Work item » Where the line containing "Some of the text" appears, start repeating, and continue exactly through the last line below, adding nothing. Include no pictures.

Provided data section start

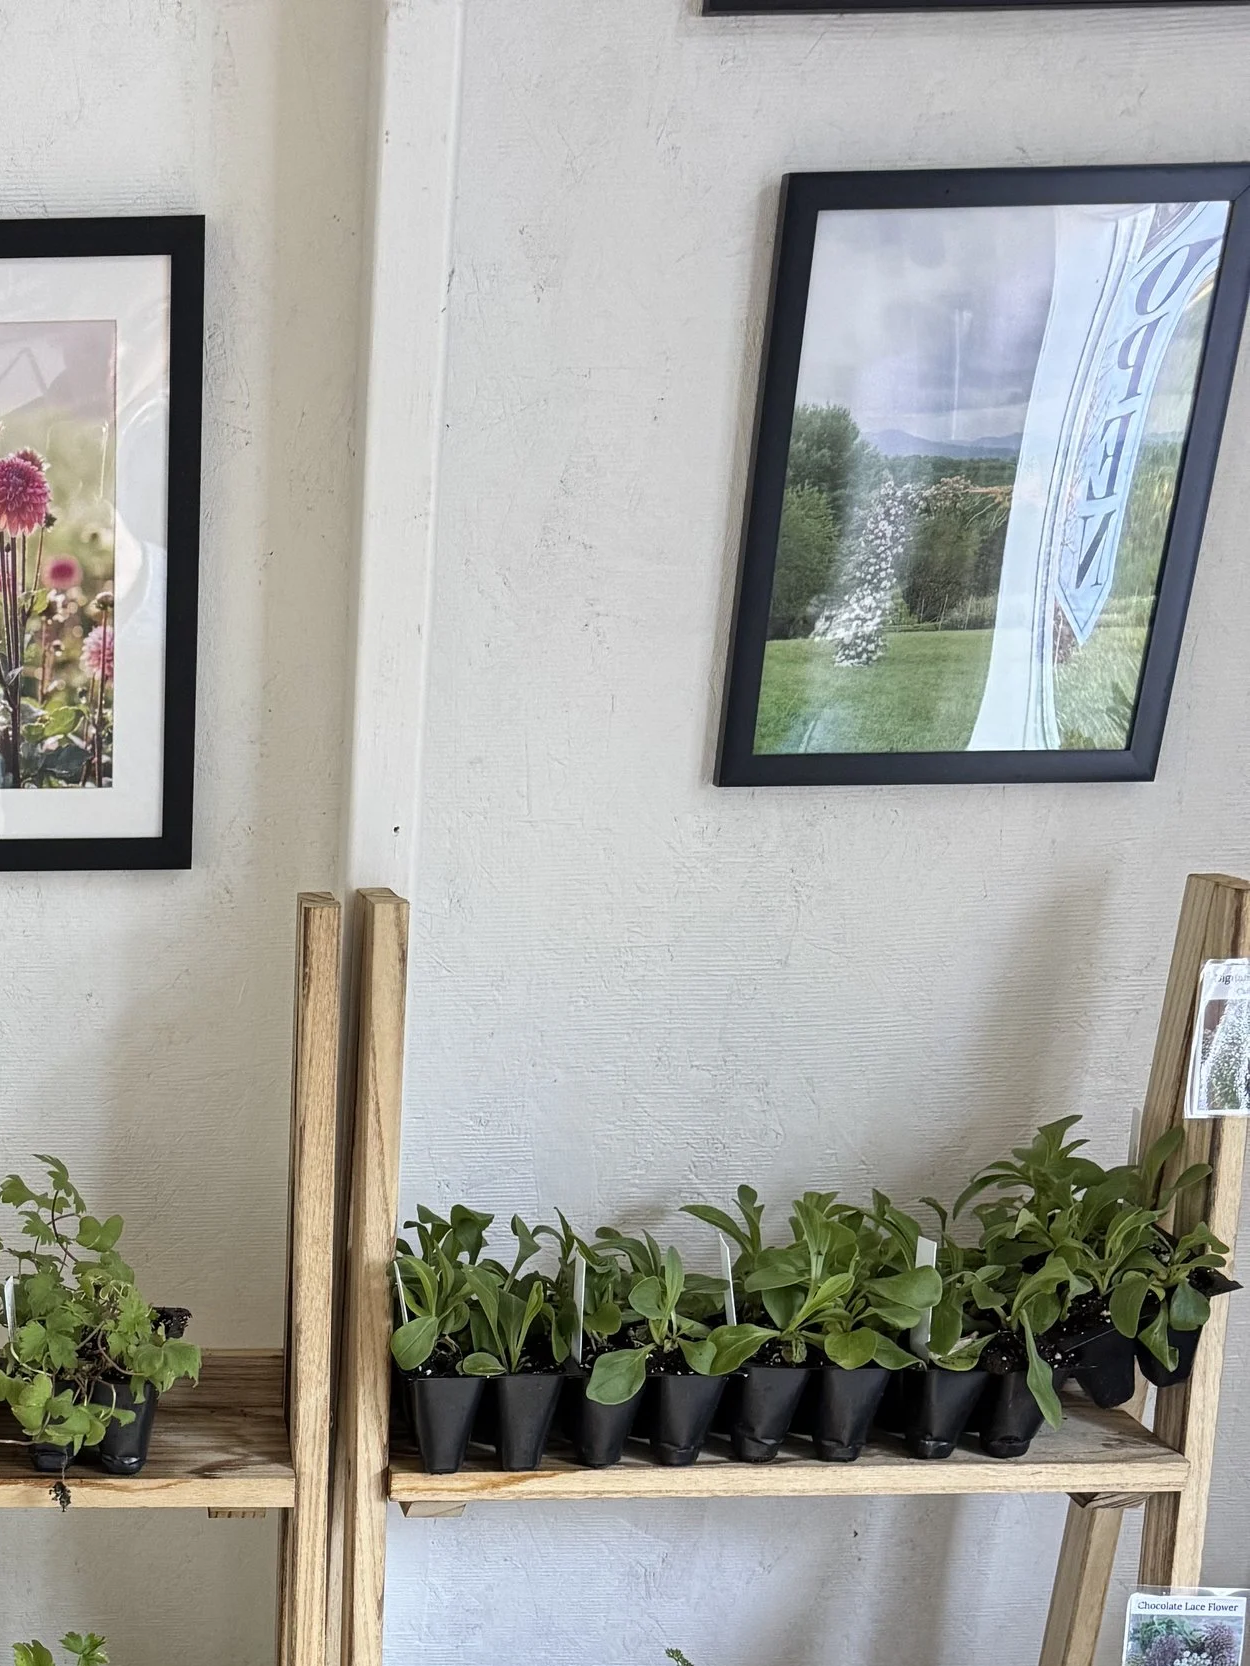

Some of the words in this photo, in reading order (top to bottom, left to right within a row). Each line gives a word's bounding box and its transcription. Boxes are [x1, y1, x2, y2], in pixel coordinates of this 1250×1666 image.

[1137, 1601, 1183, 1610] Chocolate
[1184, 1602, 1206, 1611] Lace
[1208, 1603, 1238, 1612] Flower
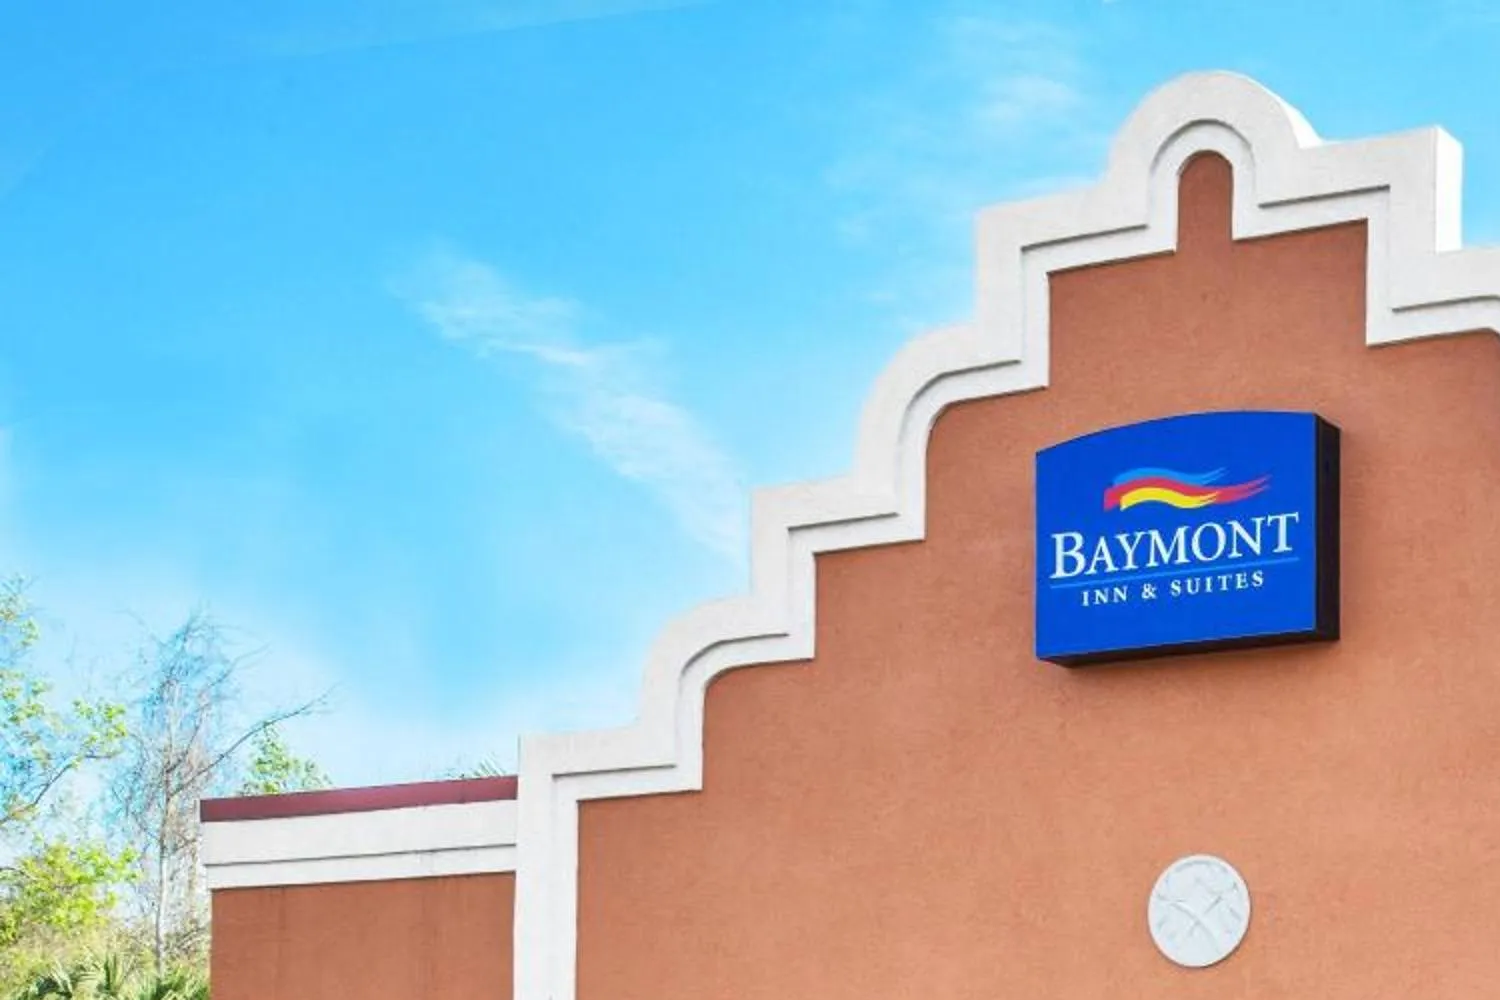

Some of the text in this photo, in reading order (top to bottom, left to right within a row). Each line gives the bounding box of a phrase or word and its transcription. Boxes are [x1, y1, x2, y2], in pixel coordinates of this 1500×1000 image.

[1050, 511, 1299, 579] BAYMONT
[1082, 570, 1264, 606] INN & SUITES
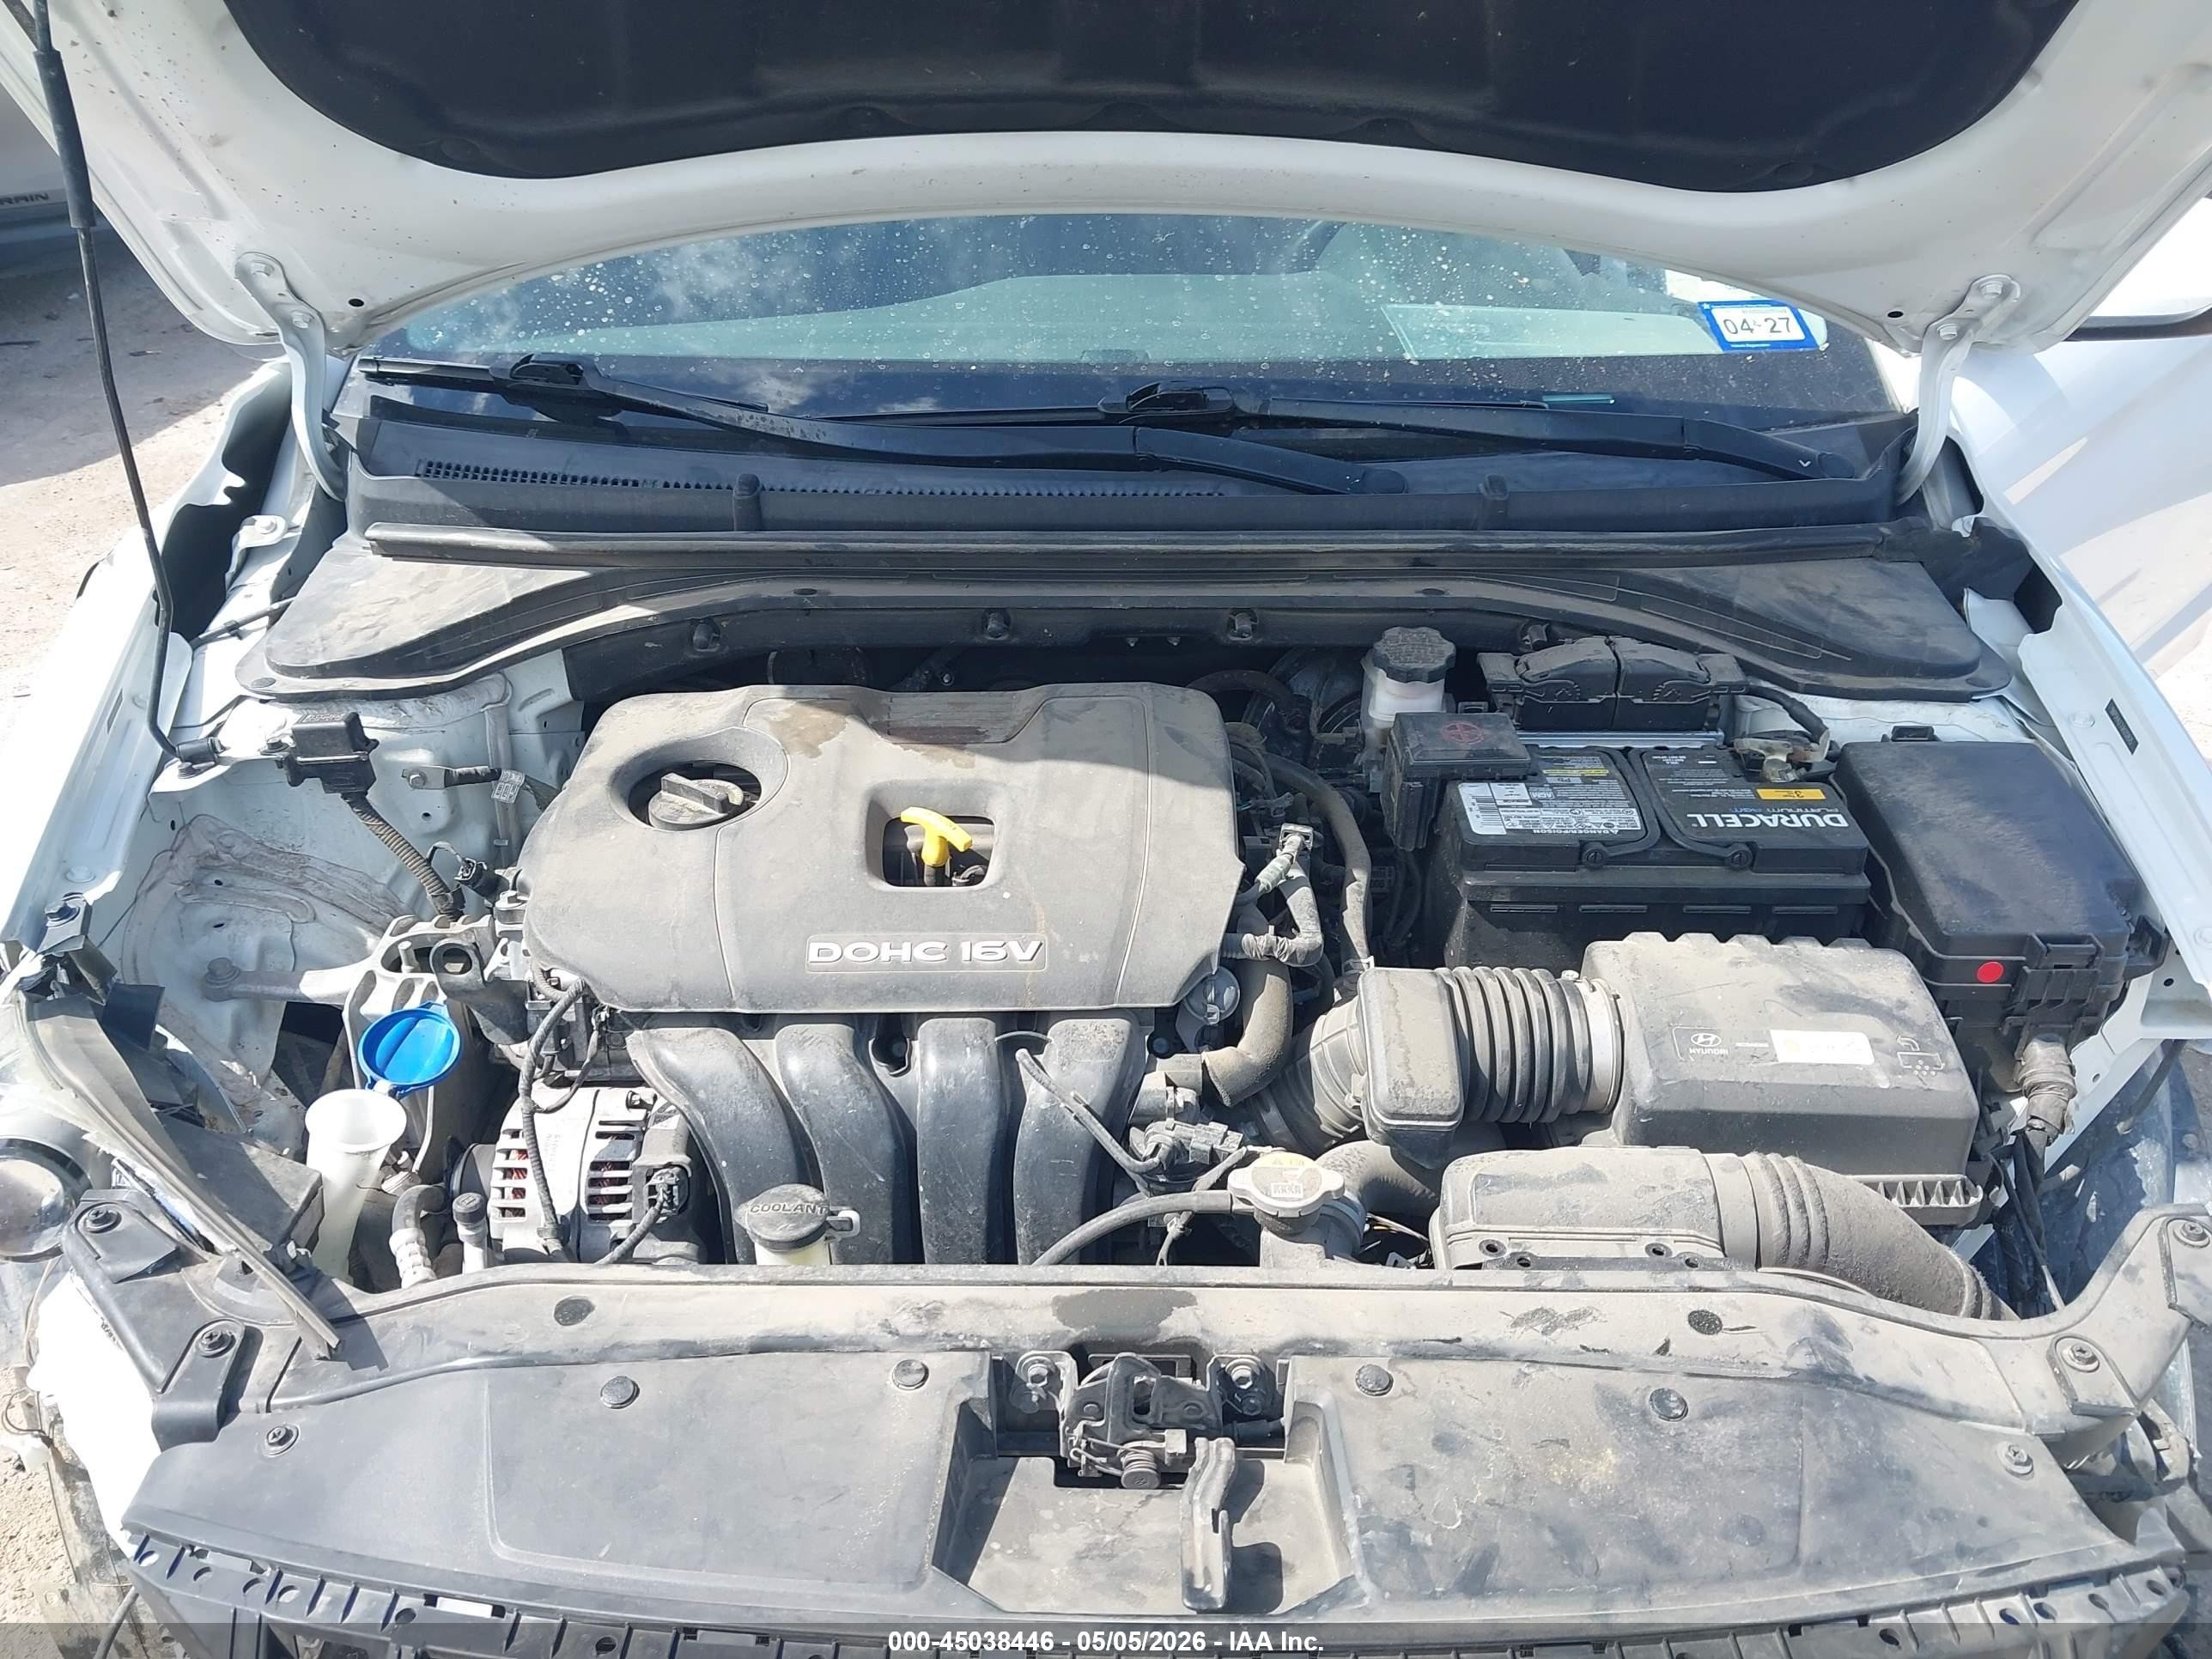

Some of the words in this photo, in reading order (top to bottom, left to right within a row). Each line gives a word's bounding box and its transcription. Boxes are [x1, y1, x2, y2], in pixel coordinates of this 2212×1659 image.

Provided data section end

Task result »
Some of the text in this photo, in reading order (top to bottom, left to right within a row). Each line gives the bounding box of a phrase or word and its transcription. Boxes are [x1, y1, x2, y2], in pixel coordinates of this 1500×1000 image.

[1050, 511, 1299, 579] BAYMONT
[1082, 570, 1264, 606] INN & SUITES

Some of the words in this photo, in reading order (top to bottom, left to right within a row). Each line gives a word's bounding box and its transcription. Boxes are [x1, y1, x2, y2], in pixel coordinates of this 2212×1659 image.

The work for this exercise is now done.